The problem: Your output should be the records below, word for word and picture-free.

■ ■ ■ ■ ■ ■ ■

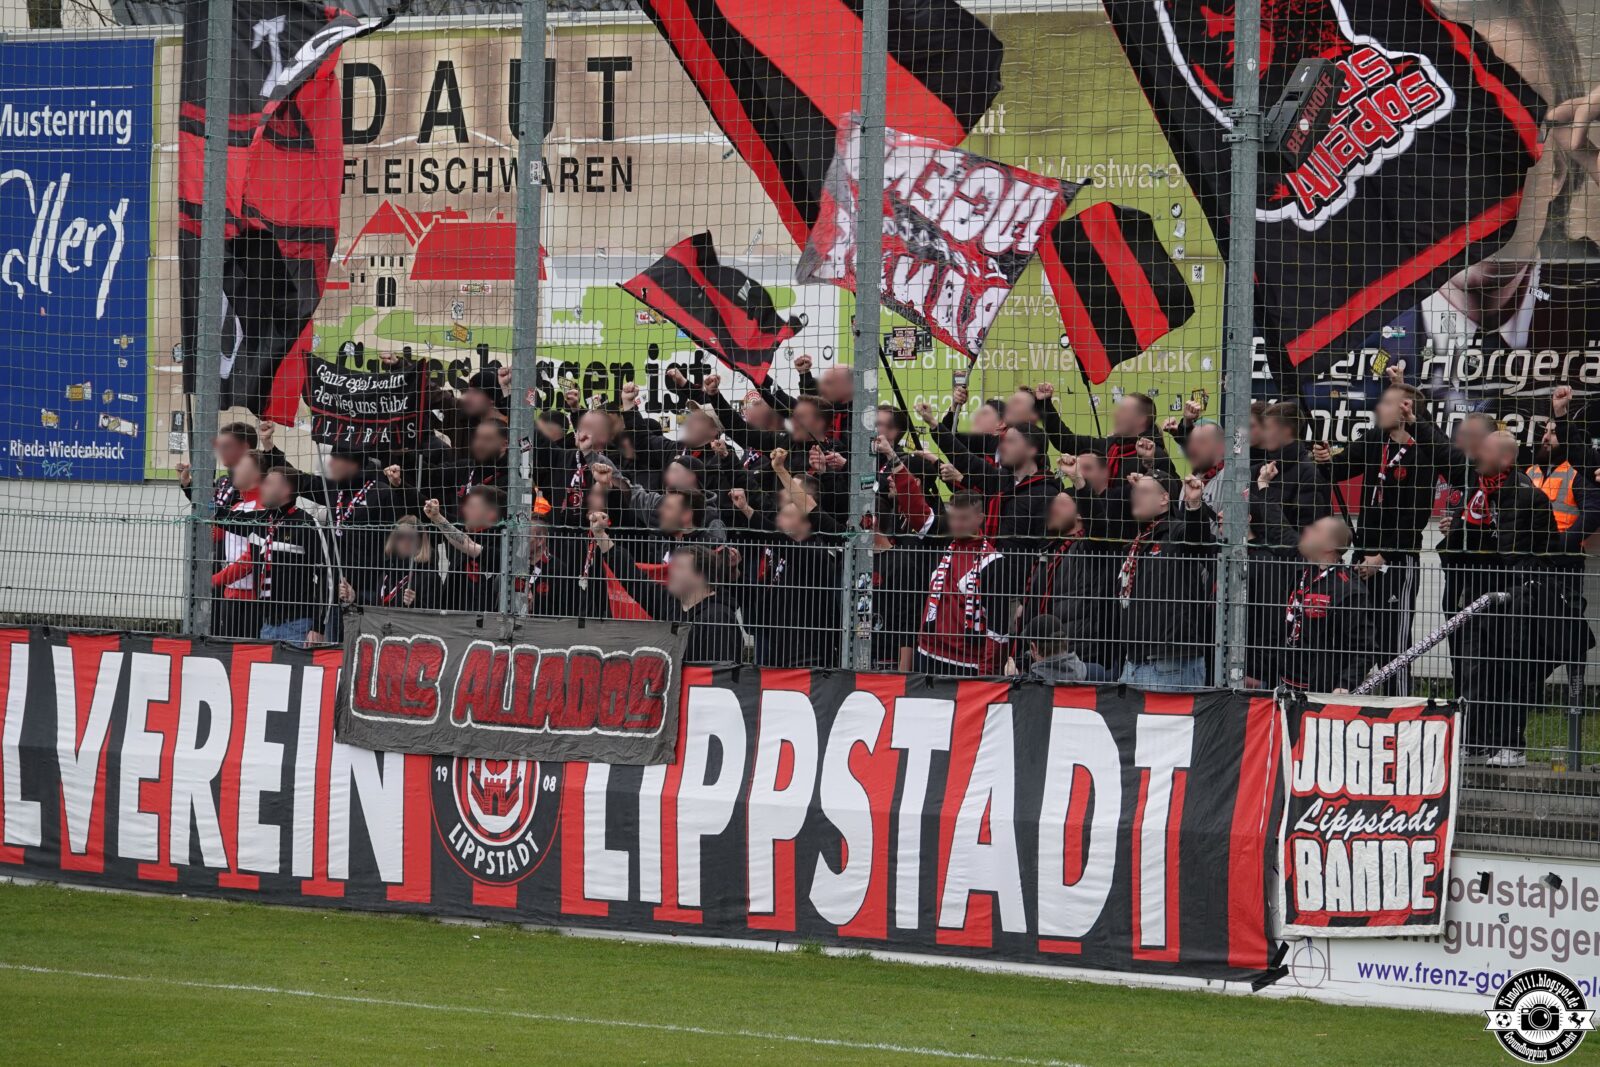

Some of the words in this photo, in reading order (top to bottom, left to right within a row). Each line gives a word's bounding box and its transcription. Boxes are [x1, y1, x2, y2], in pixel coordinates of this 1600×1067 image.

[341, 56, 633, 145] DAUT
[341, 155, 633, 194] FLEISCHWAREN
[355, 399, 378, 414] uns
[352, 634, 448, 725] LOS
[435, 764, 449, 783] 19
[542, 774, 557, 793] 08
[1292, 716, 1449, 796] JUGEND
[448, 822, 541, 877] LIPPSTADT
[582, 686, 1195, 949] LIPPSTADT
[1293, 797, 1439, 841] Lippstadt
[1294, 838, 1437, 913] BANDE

■ ■ ■ ■ ■ ■ ■

Solution for this exercise:
Some of the words in this photo, in reading order (top to bottom, left to right within a row). Each line gives a word's bounding box and its transcription. Boxes are [x1, y1, x2, y2], in pixel coordinates of this 1600×1067 image.

[341, 56, 633, 145] DAUT
[341, 155, 633, 194] FLEISCHWAREN
[355, 399, 378, 414] uns
[352, 634, 448, 725] LOS
[435, 764, 449, 783] 19
[542, 774, 557, 793] 08
[1292, 716, 1449, 796] JUGEND
[448, 822, 541, 877] LIPPSTADT
[582, 686, 1195, 949] LIPPSTADT
[1293, 797, 1439, 841] Lippstadt
[1294, 838, 1437, 913] BANDE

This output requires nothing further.